> _ASSIGNMENT_
Print the entries that appear below, exactly as written and without their pictures.

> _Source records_
────────────────
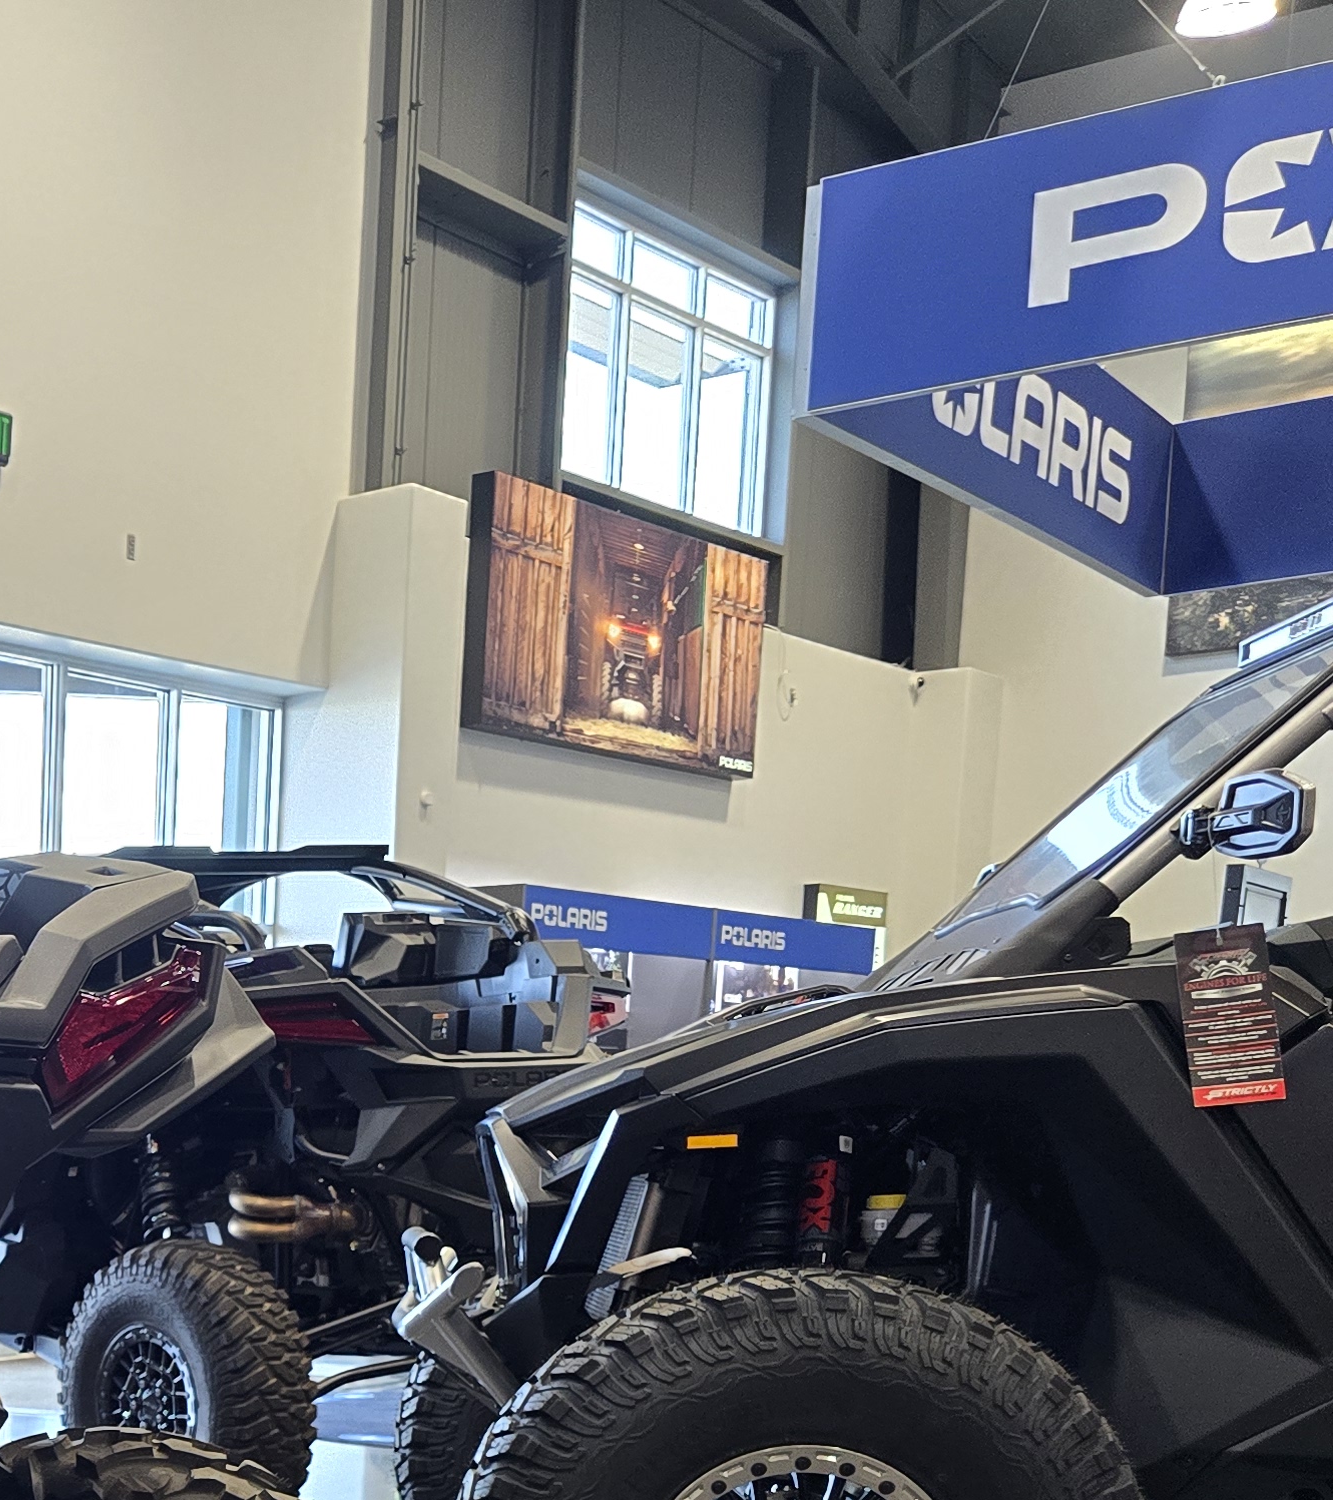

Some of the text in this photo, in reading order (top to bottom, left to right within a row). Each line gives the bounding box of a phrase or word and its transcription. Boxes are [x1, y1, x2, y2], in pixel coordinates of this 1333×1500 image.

[531, 902, 608, 932] POLARIS
[720, 925, 786, 951] POLARIS
[1183, 973, 1268, 991] ENGINES FOR LIFE
[1203, 1084, 1278, 1101] STRICTLY
[799, 1159, 837, 1233] FOX
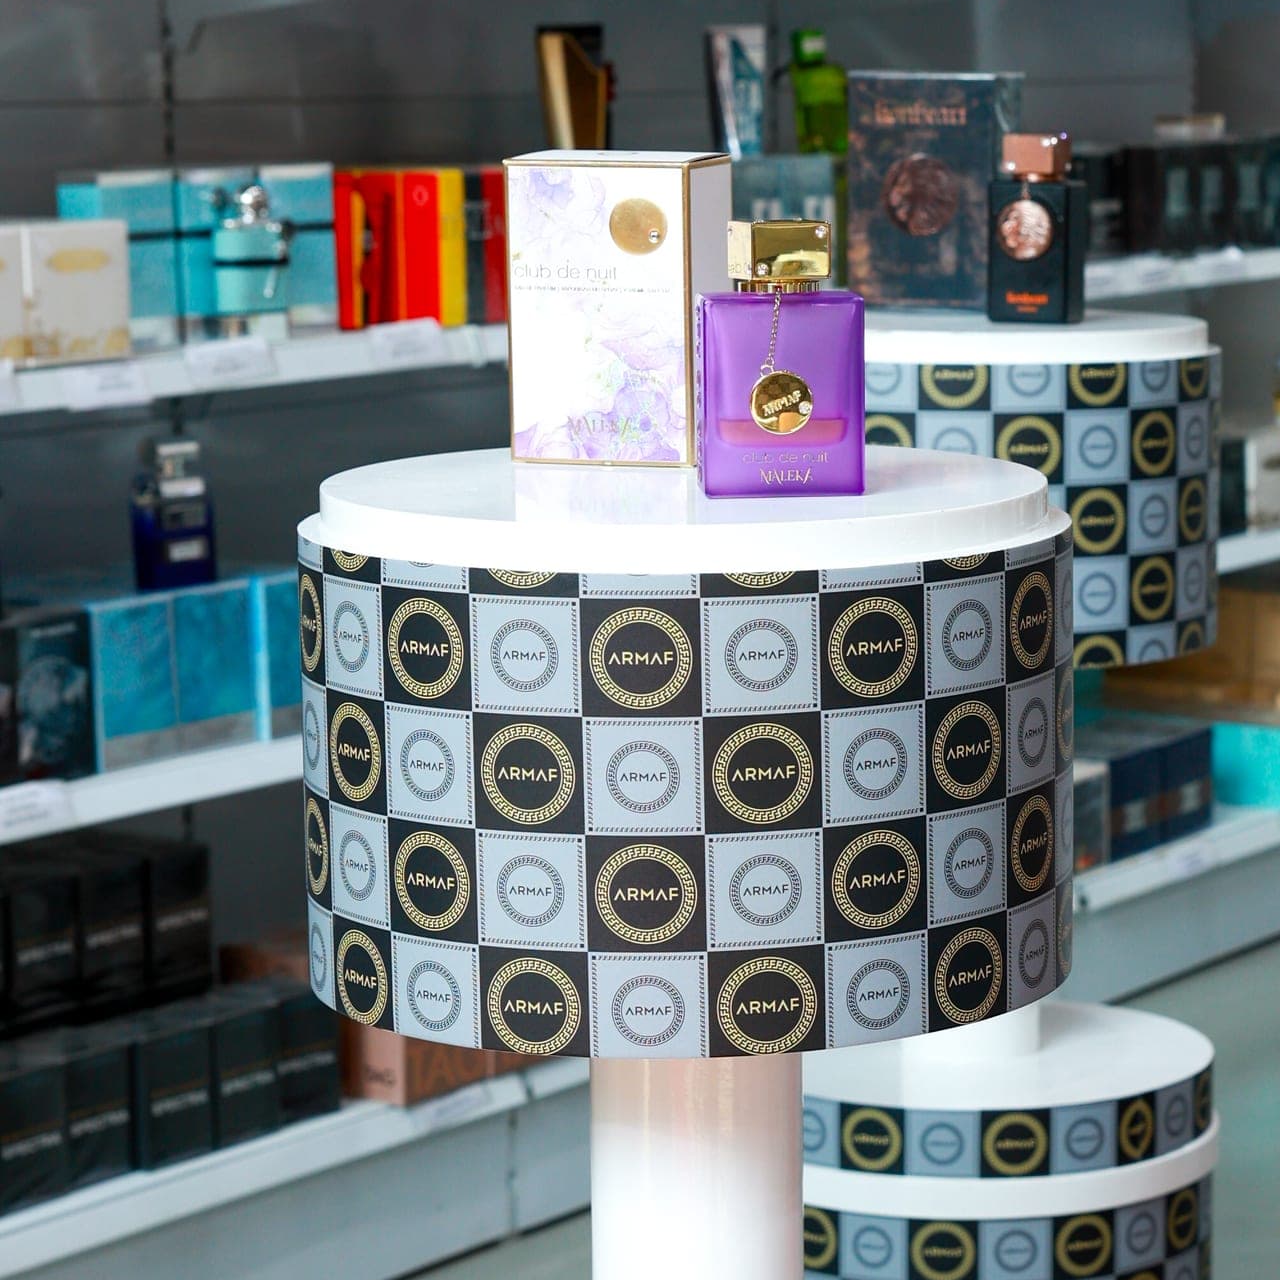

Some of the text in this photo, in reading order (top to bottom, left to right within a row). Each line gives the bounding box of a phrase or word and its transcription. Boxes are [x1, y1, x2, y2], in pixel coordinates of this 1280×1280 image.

[513, 263, 617, 281] club de nuit
[742, 451, 829, 464] club de nuit
[759, 467, 814, 485] MALEKA
[1020, 610, 1047, 631] ARMAF
[339, 631, 361, 643] ARMAF
[953, 628, 984, 642] ARMAF
[401, 641, 448, 656] ARMAF
[847, 638, 902, 656] ARMAF
[503, 651, 545, 661] ARMAF
[609, 652, 673, 665] ARMAF
[739, 650, 784, 661] ARMAF
[1024, 724, 1043, 739] ARMAF
[338, 747, 370, 760] ARMAF
[947, 740, 990, 760] ARMAF
[410, 760, 444, 771] ARMAF
[856, 757, 896, 770] ARMAF
[498, 767, 557, 781] ARMAF
[620, 772, 666, 781] ARMAF
[732, 765, 795, 781] ARMAF
[1021, 832, 1047, 854] ARMAF
[345, 859, 368, 872] ARMAF
[954, 856, 986, 871] ARMAF
[407, 873, 454, 890] ARMAF
[850, 870, 905, 889] ARMAF
[509, 886, 551, 896] ARMAF
[614, 888, 678, 900] ARMAF
[743, 884, 788, 896] ARMAF
[1025, 949, 1045, 964] ARMAF
[345, 969, 376, 988] ARMAF
[949, 965, 991, 987] ARMAF
[417, 990, 451, 1002] ARMAF
[859, 987, 899, 1001] ARMAF
[504, 1000, 563, 1015] ARMAF
[626, 1006, 671, 1015] ARMAF
[736, 998, 799, 1014] ARMAF
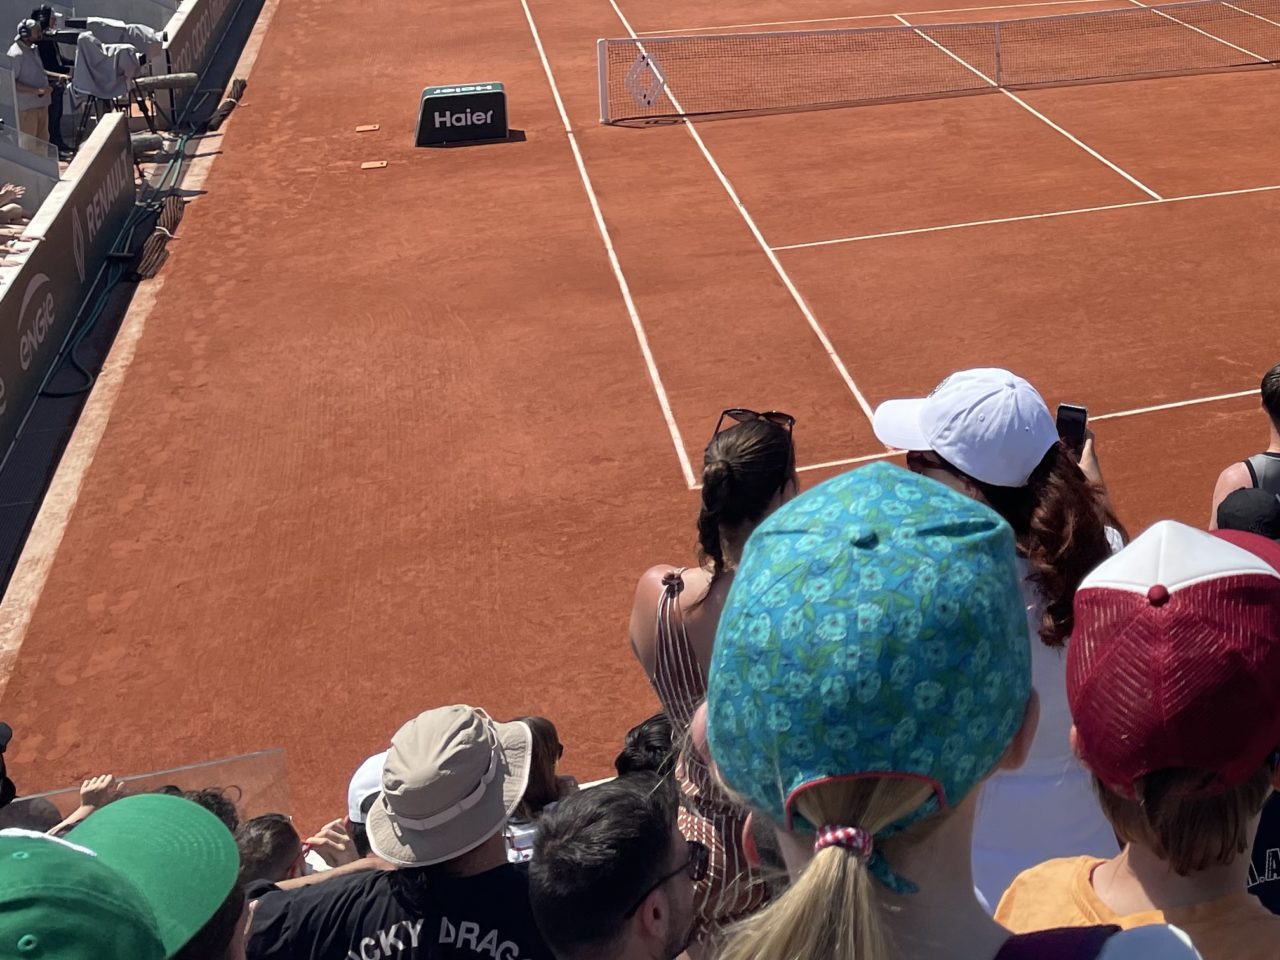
────────────────
> _TASK RESULT_
Some of the text in this photo, in reading order (top to bottom, left to right within a row). Each line gives the bounding box of a phrase or word and its transcription. Boxes are [x1, y1, x2, y2], in pixel coordinates of this 1333×1500 image.

[531, 902, 608, 932] POLARIS
[720, 925, 786, 951] POLARIS
[1183, 973, 1268, 991] ENGINES FOR LIFE
[1203, 1084, 1278, 1101] STRICTLY
[799, 1159, 837, 1233] FOX

Some of the text in this photo, in reading order (top to bottom, left to right within a row). Each line gives the bounding box of a phrase or word and its transcription. Boxes are [x1, y1, x2, y2], in pixel coordinates of this 1280×1280 image.

[513, 263, 617, 281] club de nuit
[742, 451, 829, 464] club de nuit
[759, 467, 814, 485] MALEKA
[1020, 610, 1047, 631] ARMAF
[339, 631, 361, 643] ARMAF
[953, 628, 984, 642] ARMAF
[401, 641, 448, 656] ARMAF
[847, 638, 902, 656] ARMAF
[503, 651, 545, 661] ARMAF
[609, 652, 673, 665] ARMAF
[739, 650, 784, 661] ARMAF
[1024, 724, 1043, 739] ARMAF
[338, 747, 370, 760] ARMAF
[947, 740, 990, 760] ARMAF
[410, 760, 444, 771] ARMAF
[856, 757, 896, 770] ARMAF
[498, 767, 557, 781] ARMAF
[620, 772, 666, 781] ARMAF
[732, 765, 795, 781] ARMAF
[1021, 832, 1047, 854] ARMAF
[345, 859, 368, 872] ARMAF
[954, 856, 986, 871] ARMAF
[407, 873, 454, 890] ARMAF
[850, 870, 905, 889] ARMAF
[509, 886, 551, 896] ARMAF
[614, 888, 678, 900] ARMAF
[743, 884, 788, 896] ARMAF
[1025, 949, 1045, 964] ARMAF
[345, 969, 376, 988] ARMAF
[949, 965, 991, 987] ARMAF
[417, 990, 451, 1002] ARMAF
[859, 987, 899, 1001] ARMAF
[504, 1000, 563, 1015] ARMAF
[626, 1006, 671, 1015] ARMAF
[736, 998, 799, 1014] ARMAF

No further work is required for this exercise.